Is there any way to make this MSVC warning work as expected?

NoSenseEtAl
  • 28,205
  • 28
  • 128
  • 277
  • why use `i` in the first place? isnt there a different warning for not handling all cases? Perhaps replace `i=11;` with `return 11;` – 463035818_is_not_an_ai Feb 06 '20 at 13:00
  • enum can have values outside the given one. – Jarod42 Feb 06 '20 at 13:12
  • 1
    How do you define "sane use"? `enum class Flag { A = 0x01, B = 0x02, C = 0x04 }` and using `|` and `&` seems not insane. – Jarod42 Feb 06 '20 at 13:17
  • Have you considered to do the mapping of `enum` to other with an array instead of the `switch`? (Then you could ensure by range check whether a value can be mapped or not.) It relies on contiguous `enum` values, of course, but this how the exposed sample looks like. – Scheff's Cat Feb 06 '20 at 13:20
  • Maybe a duplicate but it is not specifically about MSVC: https://stackoverflow.com/questions/54148815/make-compiler-assume-that-all-cases-are-handled-in-switch-without-default – Piotr Siupa Feb 06 '20 at 13:21
  • Would it hurt so much to initialize `i` with anything? The performance impact cannot be that big. – Scheff's Cat Feb 06 '20 at 13:22
  • 2
    When initializizing `i = 0` you won't get this particular warning but you should get a warning for not explicitly handling the enum you added (Blue in your example). Wouldnt this be the more appropriate warning anyway? – Odysseus Feb 06 '20 at 13:24
  • @NO_NAME nice find... – NoSenseEtAl Feb 06 '20 at 14:05
  • @Odysseus good point, I totally forgot about this since my current setup does not have C4061/4062 enabled. Feel free to add that as an answer – NoSenseEtAl Feb 06 '20 at 14:12

2 Answers2

5

The switch statement has no the default label. So indeed the variable i can be uninitialized.

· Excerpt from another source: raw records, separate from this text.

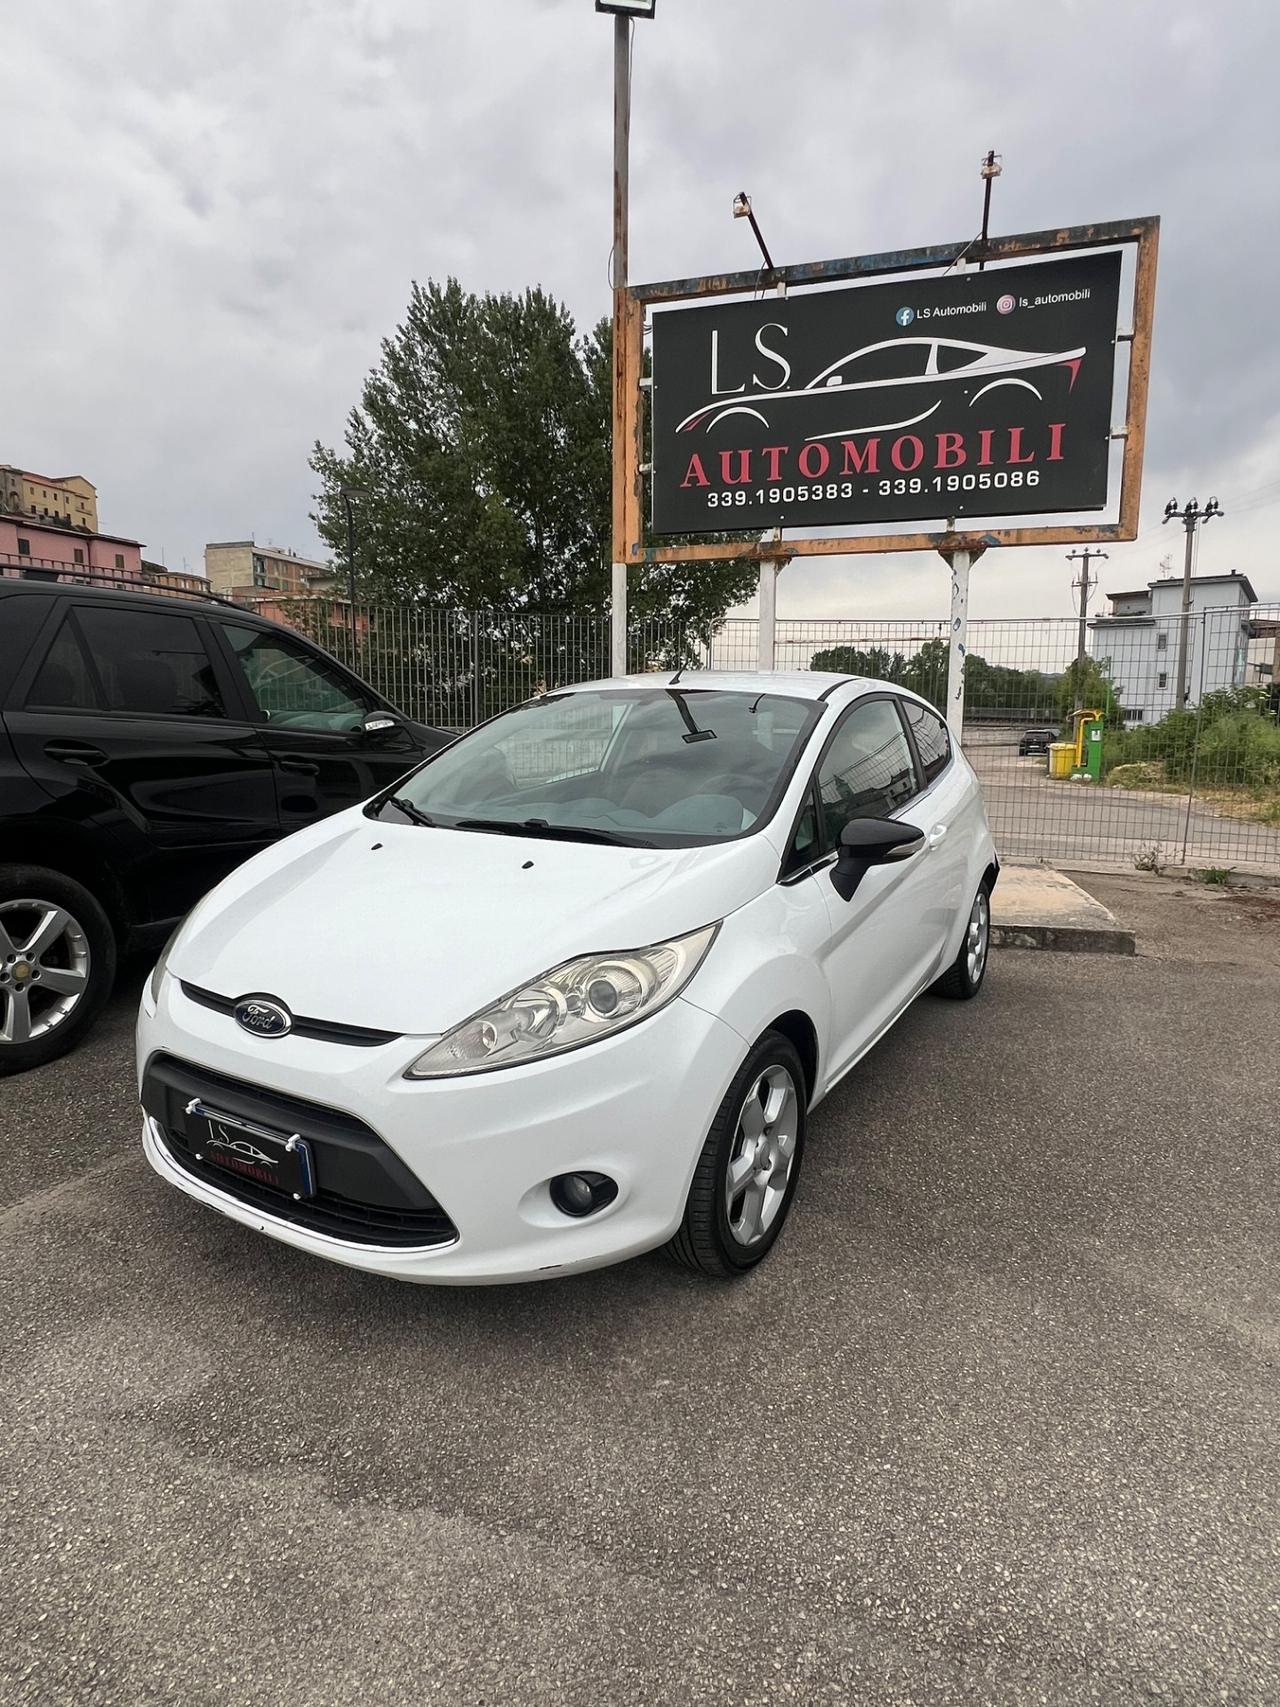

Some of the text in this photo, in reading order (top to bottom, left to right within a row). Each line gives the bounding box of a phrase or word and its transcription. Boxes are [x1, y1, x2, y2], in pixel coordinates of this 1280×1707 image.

[917, 301, 987, 319] LS Automobili
[1018, 288, 1091, 309] ls_automobili
[679, 423, 1067, 488] AUTOMOBILI
[707, 483, 853, 508] 339.1905383
[878, 470, 1040, 497] 339.1905086
[242, 1004, 276, 1029] Ford
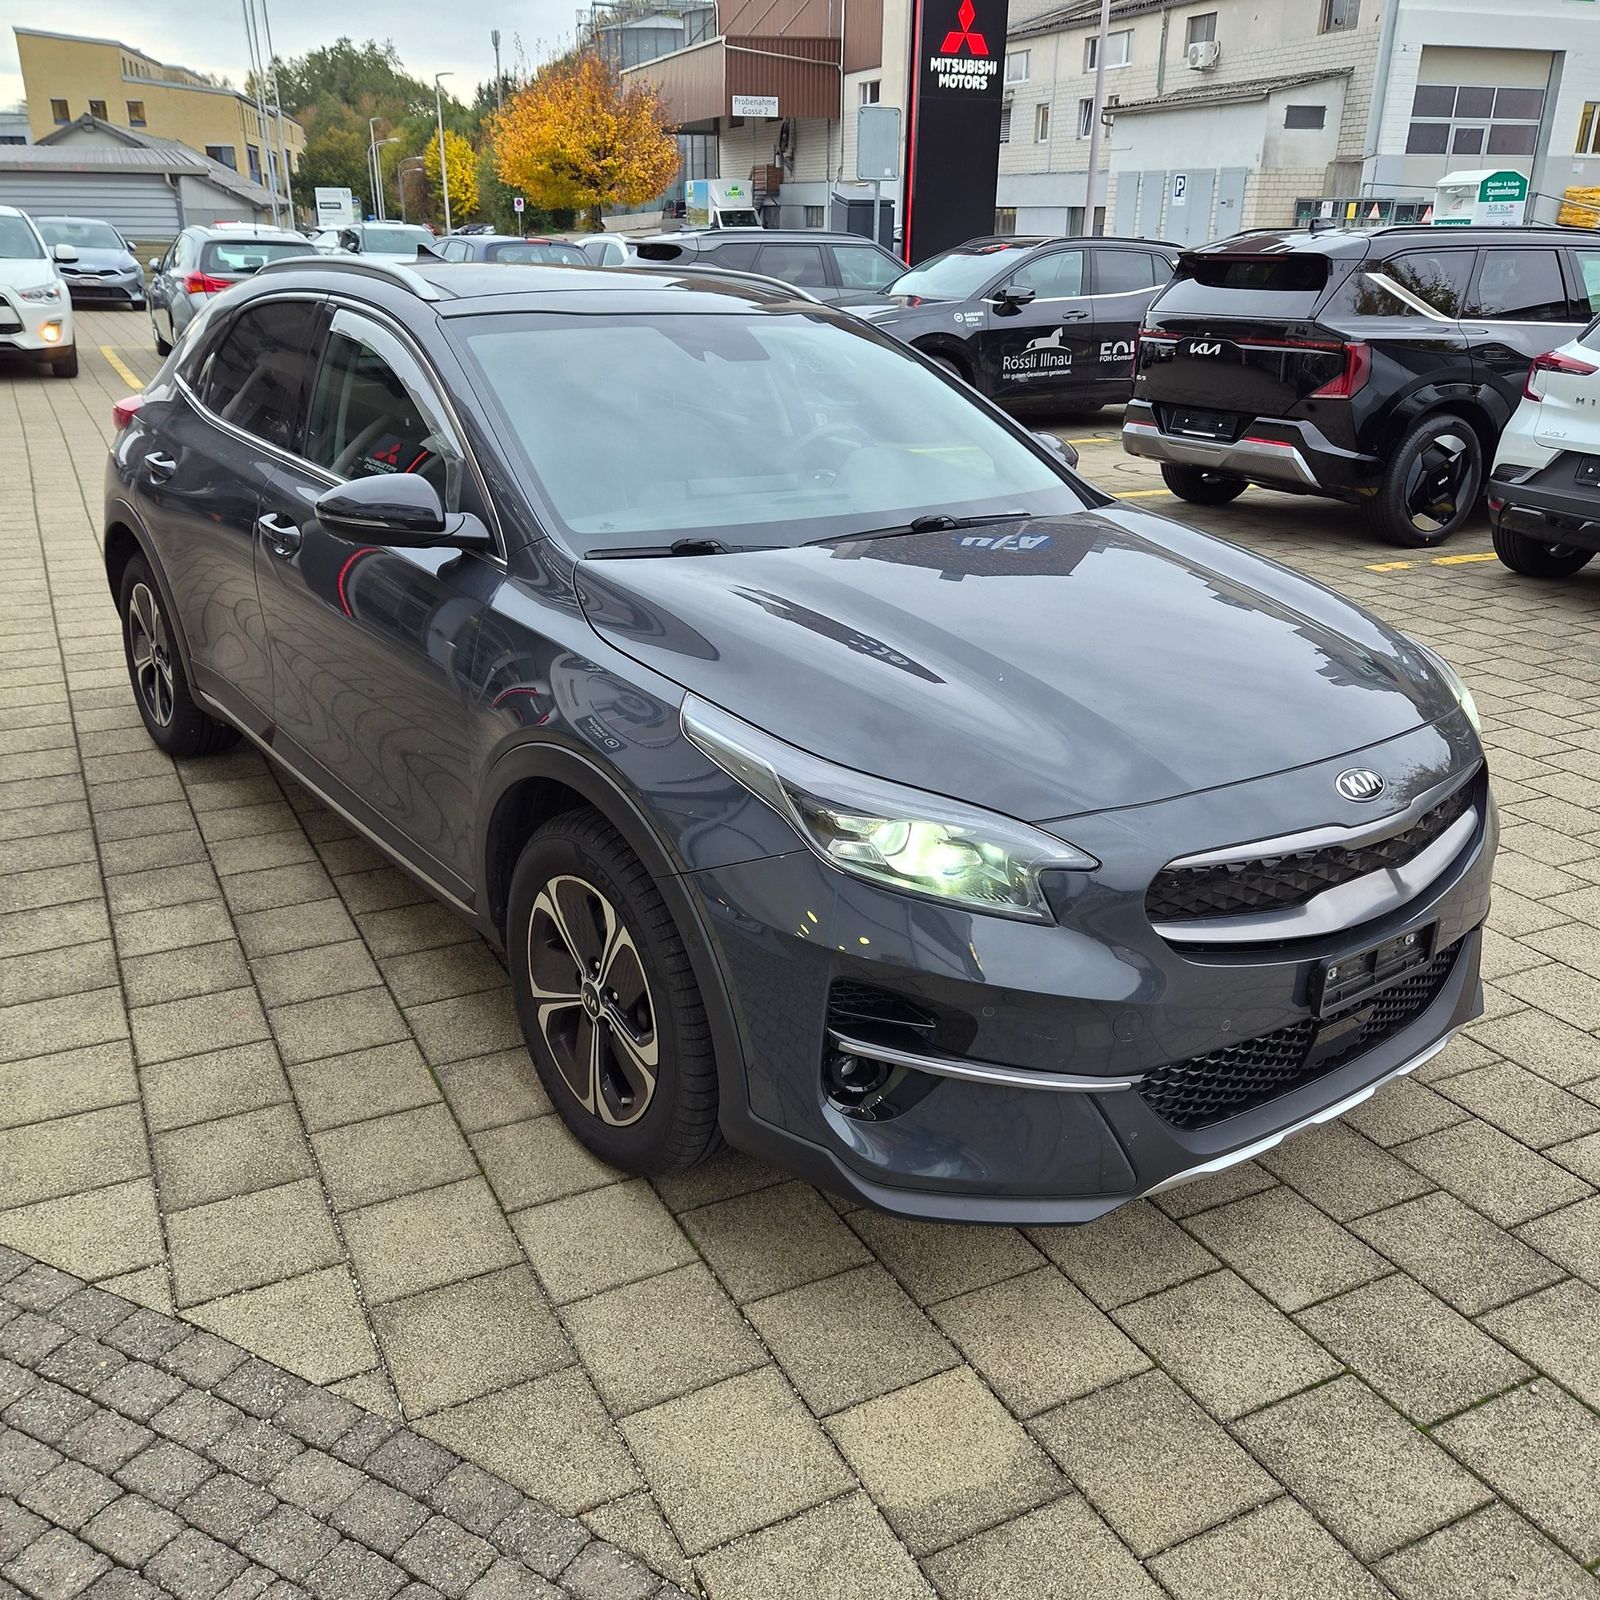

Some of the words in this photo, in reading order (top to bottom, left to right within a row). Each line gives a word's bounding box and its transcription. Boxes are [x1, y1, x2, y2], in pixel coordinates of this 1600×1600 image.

[930, 57, 997, 75] MITSUBISHI
[938, 74, 988, 90] MOTORS
[734, 97, 777, 106] Probenahme
[742, 107, 762, 115] Gosse
[764, 107, 769, 115] 2
[1176, 177, 1185, 196] P
[1486, 187, 1520, 197] Sammlung
[1002, 354, 1037, 370] Rössli
[1040, 352, 1073, 367] Illnau
[1341, 771, 1383, 796] KIA
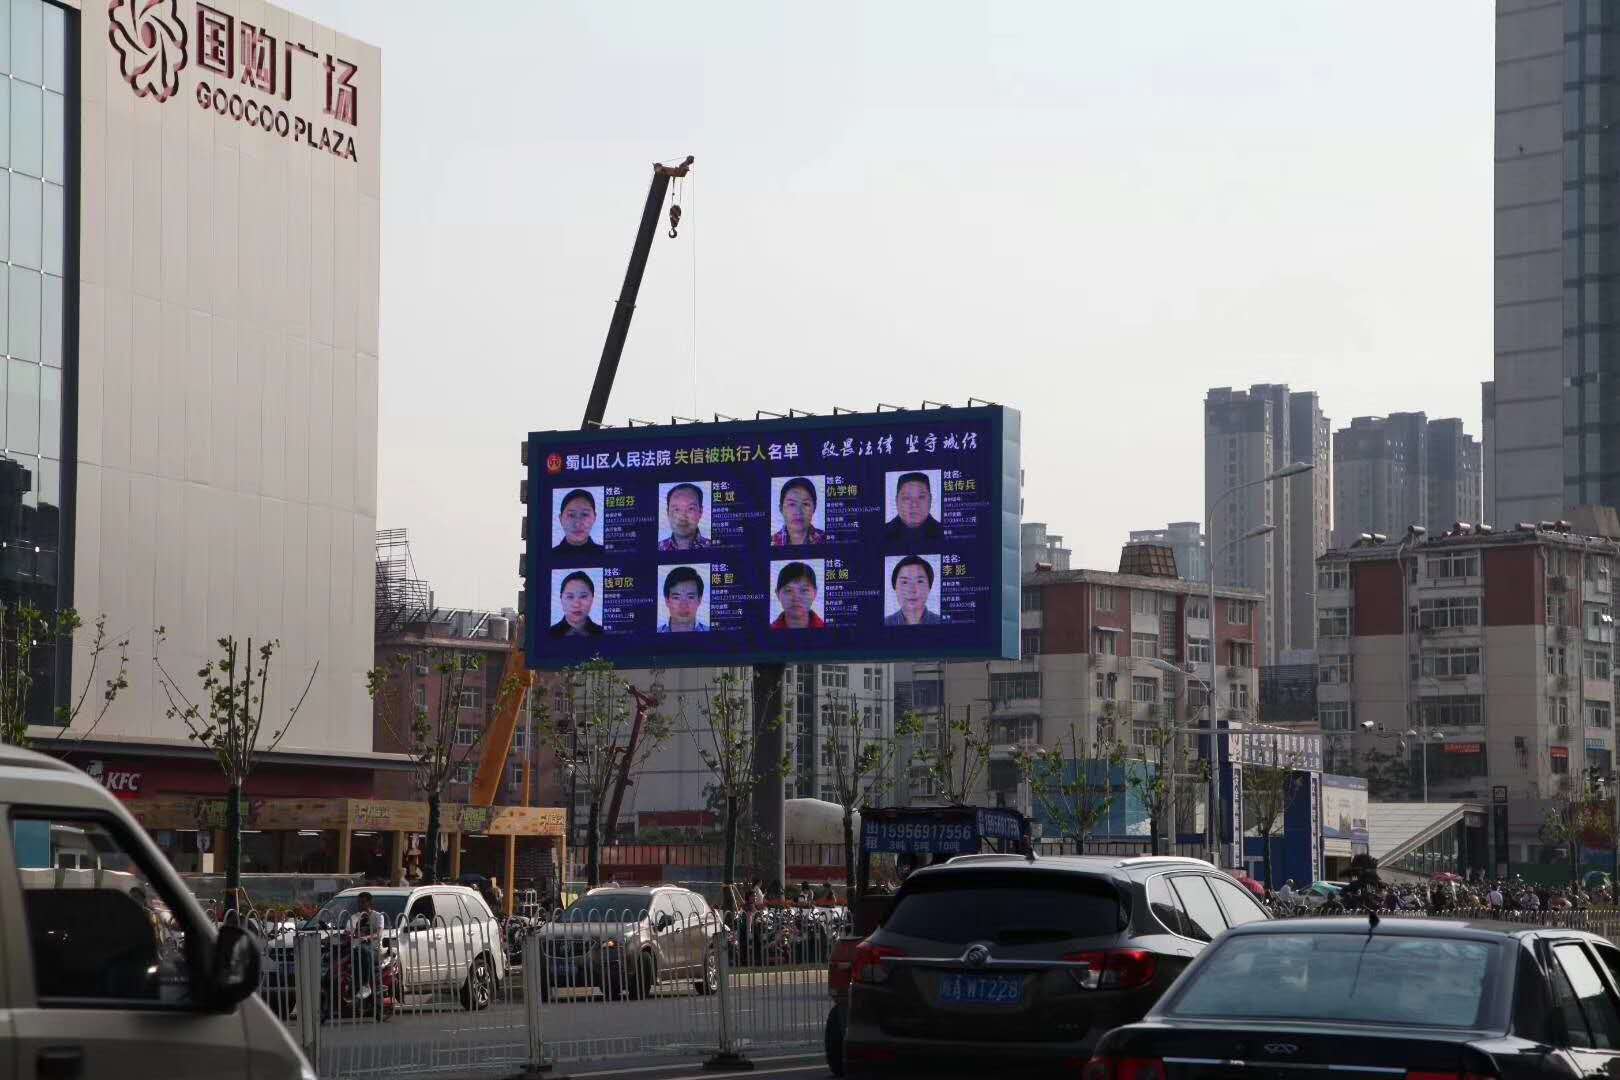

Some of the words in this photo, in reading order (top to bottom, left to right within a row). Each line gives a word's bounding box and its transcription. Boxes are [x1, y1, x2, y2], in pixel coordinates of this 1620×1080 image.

You can rewrite the function for example like

int f(Color c){
    int i = 11;    // Color::Red

    switch(c){
        case Color::Green:
          i=22;
          break;
    }

    return i;
}

Another approach is to add the default label for example like

int f(Color c){
    int i;

    switch(c){
        default: 
        case Color::Red:
          i=11;
          break;
        case Color::Green:
          i=22;
          breal;
    }

    return i;
}

In this case as you pointed out yourself you can include a statement with an assertion check after the default label.

Vlad from Moscow
  • 301,070
  • 26
  • 186
  • 335
  • I do not care if somebody casts 42 to Color, I handle all the valid enums. – NoSenseEtAl Feb 06 '20 at 12:51
  • @NoSenseEtAl Concerning _I do not care if somebody casts 42 to Color, I handle all the valid enums._: This is something you know but not the compiler. ;-) You could simply insert a "useless" `default:` before one of the `case`s to make the compiler silent. This shouldn't have any performance impact... – Scheff's Cat Feb 06 '20 at 13:00
  • 1
    @Scheff like explained in the question problem is that when I add Blue it will be handled(if I forget to modify swtich) and I do not want that. – NoSenseEtAl Feb 06 '20 at 13:14
  • 2
    @NoSenseEtAl Technically all valid values are whatever the underlying type holds. That means you have a potential path to return an uninitialized variable. – NathanOliver Feb 06 '20 at 13:14
1

As pointed out in my comment above, you can initialize i in some way and won't get the C4701 warning anymore.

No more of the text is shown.